Villares se resigna y fía la marcha de Quinteiro a los inscritos que diseñen las próximas listas electorales

El choque de posiciones pervive sin solución posible


santiago / la voz

La dirección de En Marea admite que no tiene más margen de maniobra en el caso Paula Quinteiro, después de que se pronunciaran las bases del partido y el 85 % de los votantes en la consulta interna reclamaran la dimisión de la diputada de Podemos por entender que vulneró el código ético de la organización al hacer un uso indebido de su condición de parlamentaria durante un incidente que mantuvo con la Policía Local de Santiago hace tres meses. El portavoz de En Marea, Luís Villares, da por hecho que Quinteiro seguirá en el cargo y que los «inscritos decidirán» en consecuencia cuando se convoquen las primarias dirigidas a elaborar nuevas listas electorales.

Luís Villares participó ayer en el Parlamento en una nueva jornada convocada por su partido para analizar la política forestal de Galicia y, en un receso de este acto, aludió al caso Quinteiro para decir que, «cando chegue o momento de novas primarias», serán los inscritos en el partido instrumental los que «decidirán o que teñan que decidir con cada quen».

El portavoz de En Marea asume de este modo que ni él, ni la dirección de la formación rupturista, ante la cual Paula Quinteiro se declaró en rebeldía, ni tampoco las bases del partido, tienen capacidad alguna de forzar la dimisión de la diputada anticapitalista de Podemos, pues el escaño no corresponde a la formación política sino a la persona que lo ocupa, y si ella se niega a dimitir no hay forma posible de modificar la decisión.

De este modo, el número uno del grupo parlamentario coincide con Quinteiro en dar por cerrado un asunto que provocó la crisis más grave del partido instrumental desde su fundación, y que provocó que buena parte de las organizaciones políticas que fundaron En Marea, como Anova, Podemos, Izquierda Unida y algunas candidaturas municipales, se desvincularan de la dirección con llamamientos a refundar el espacio político que representa En Marea.

Hay coincidencia, por tanto, en dar por cerrada la crisis, pero el choque de posiciones pervive sin solución posible, con la dirección y las bases de En Marea exigiendo la dimisión de Quinteiro y ella negándose a acatarla.

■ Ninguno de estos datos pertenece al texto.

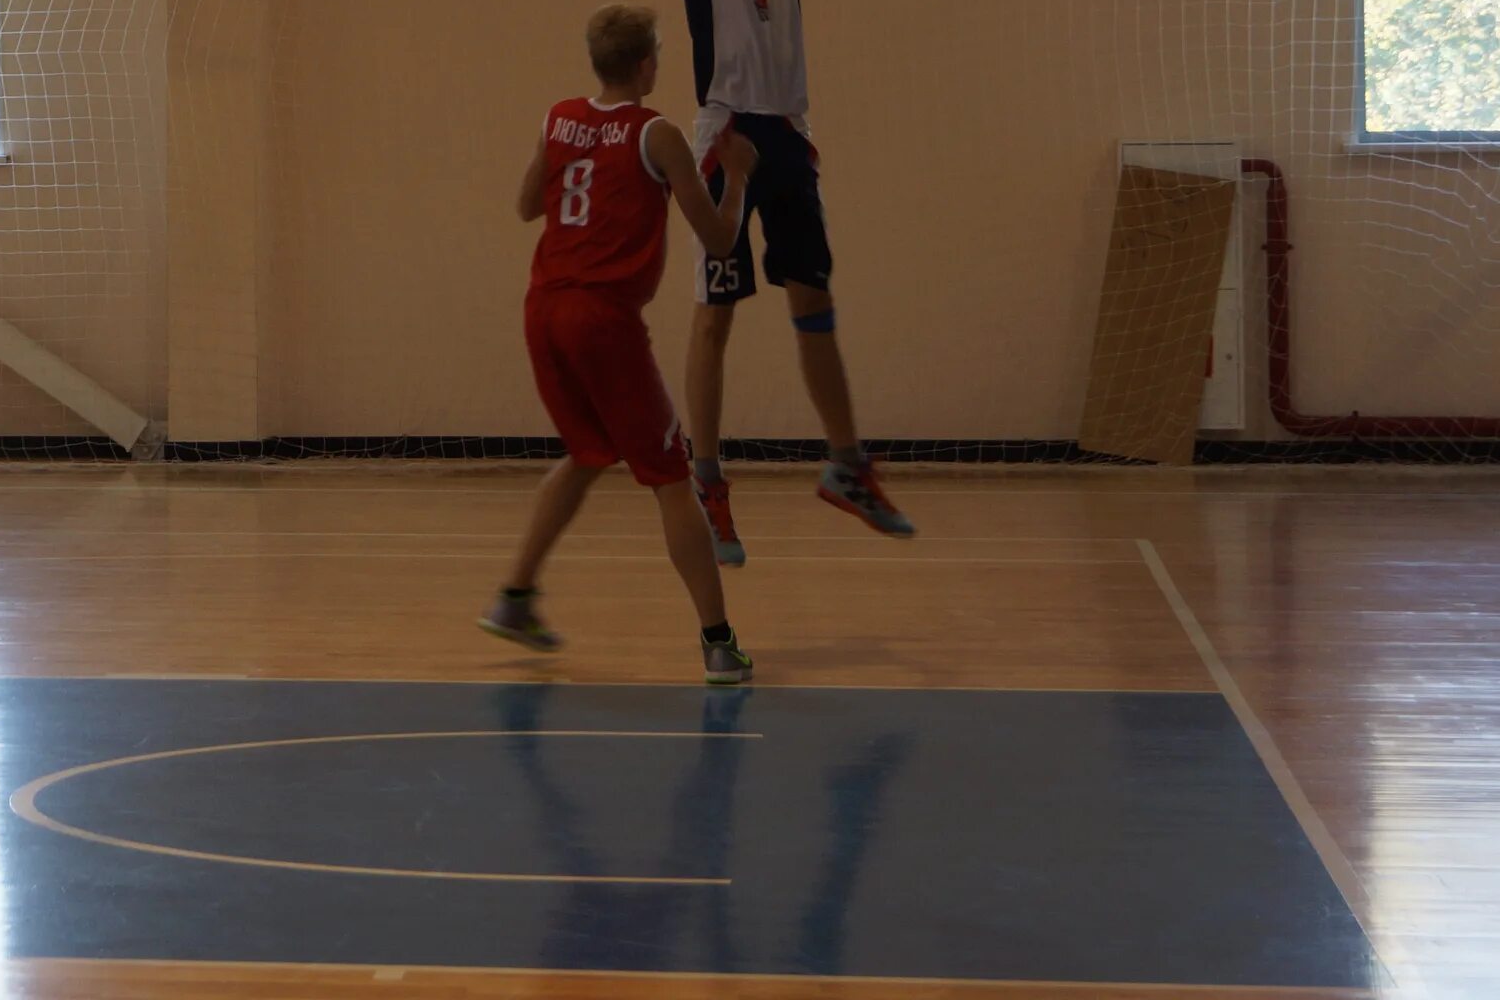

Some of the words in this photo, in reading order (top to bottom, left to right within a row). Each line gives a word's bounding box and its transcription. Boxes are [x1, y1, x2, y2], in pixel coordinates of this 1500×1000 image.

[549, 117, 631, 149] ЛЮБЕЦЫ
[559, 158, 595, 227] 8
[708, 258, 740, 294] 25
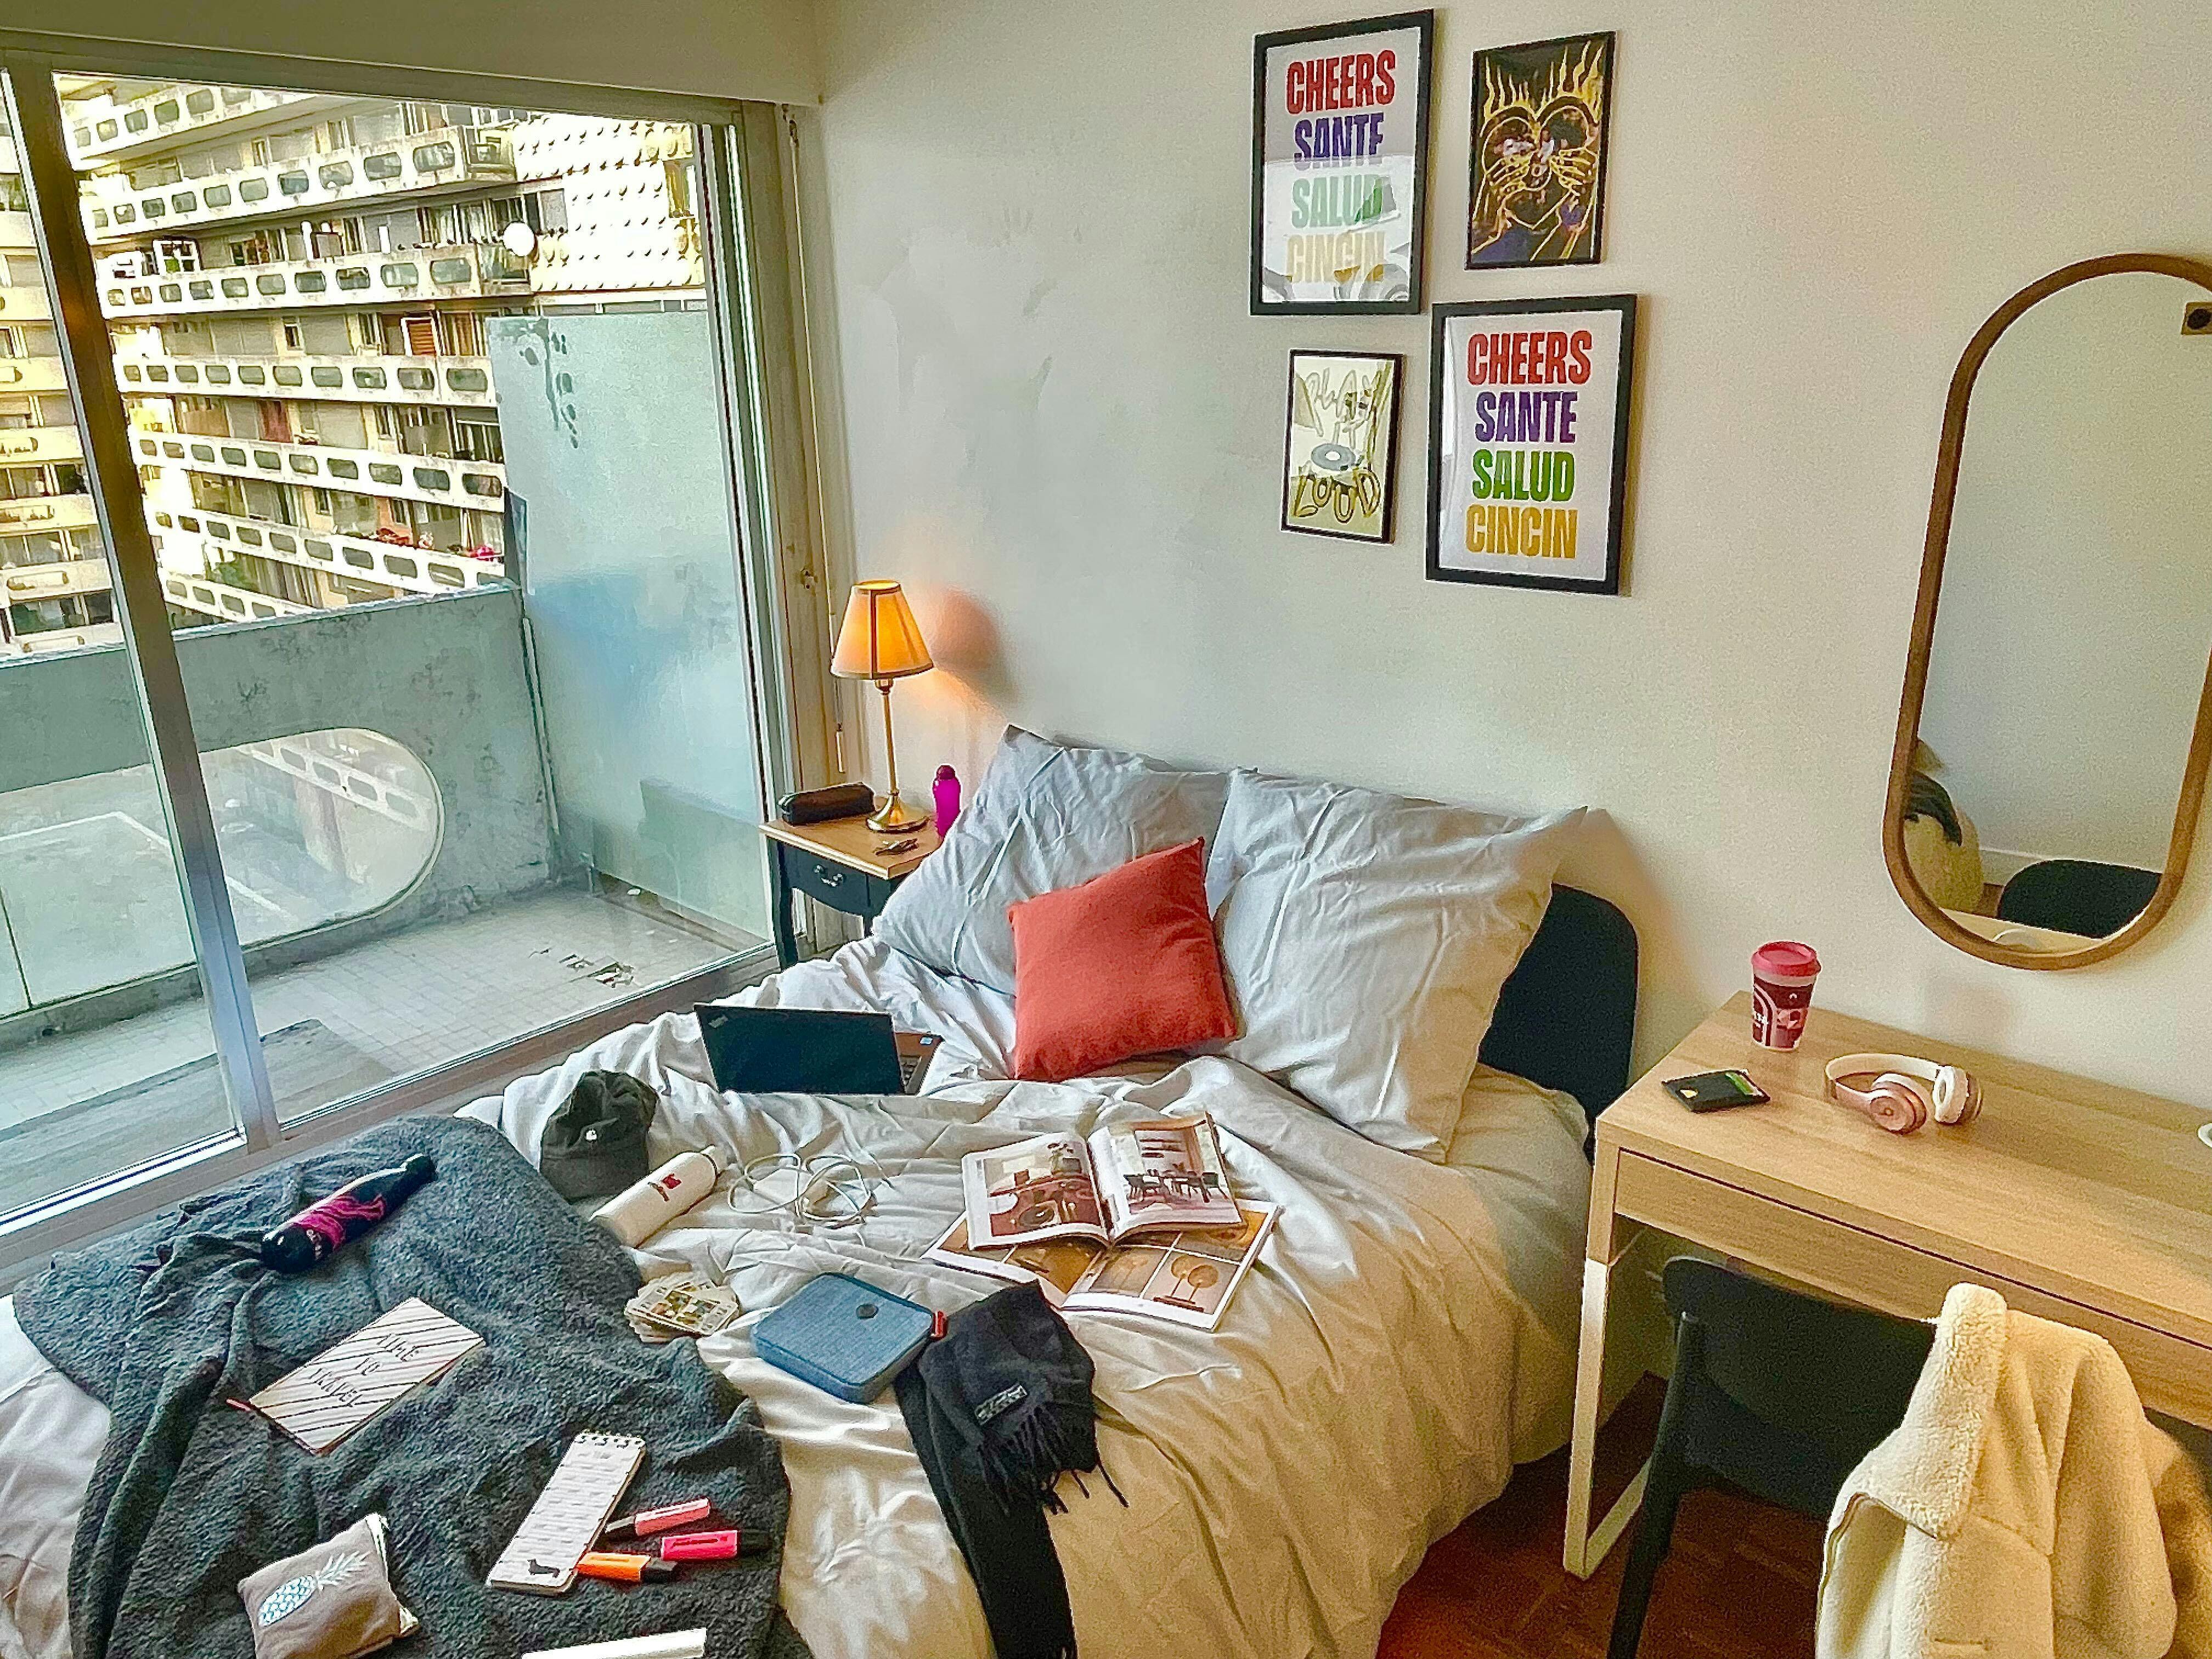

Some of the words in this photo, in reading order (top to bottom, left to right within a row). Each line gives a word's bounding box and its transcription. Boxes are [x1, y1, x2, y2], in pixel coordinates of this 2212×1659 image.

«Que cada quen traballe nas súas áreas», señala el portavoz

Luís Villares se mostró muy escueto ayer para responder a las preguntas relacionadas con el caso Quinteiro, pues advirtió que «todo o mundo sabe» cual es su posición. Insistió en que sus consejos a la diputada de la formación morada adscrita a En Marea «xa quedaron ben claros dende hai dous meses», por lo que su única recomendación en estos momentos «é que cada quen traballe nas súas áreas», en las comisiones y en las portavocías que tiene distribuidas en el seno del grupo parlamentario.

Y trabajar con «normalidade», para Villares, es desarrollar funciones «non ao servizo dun mesmo», sino de la ciudadanía.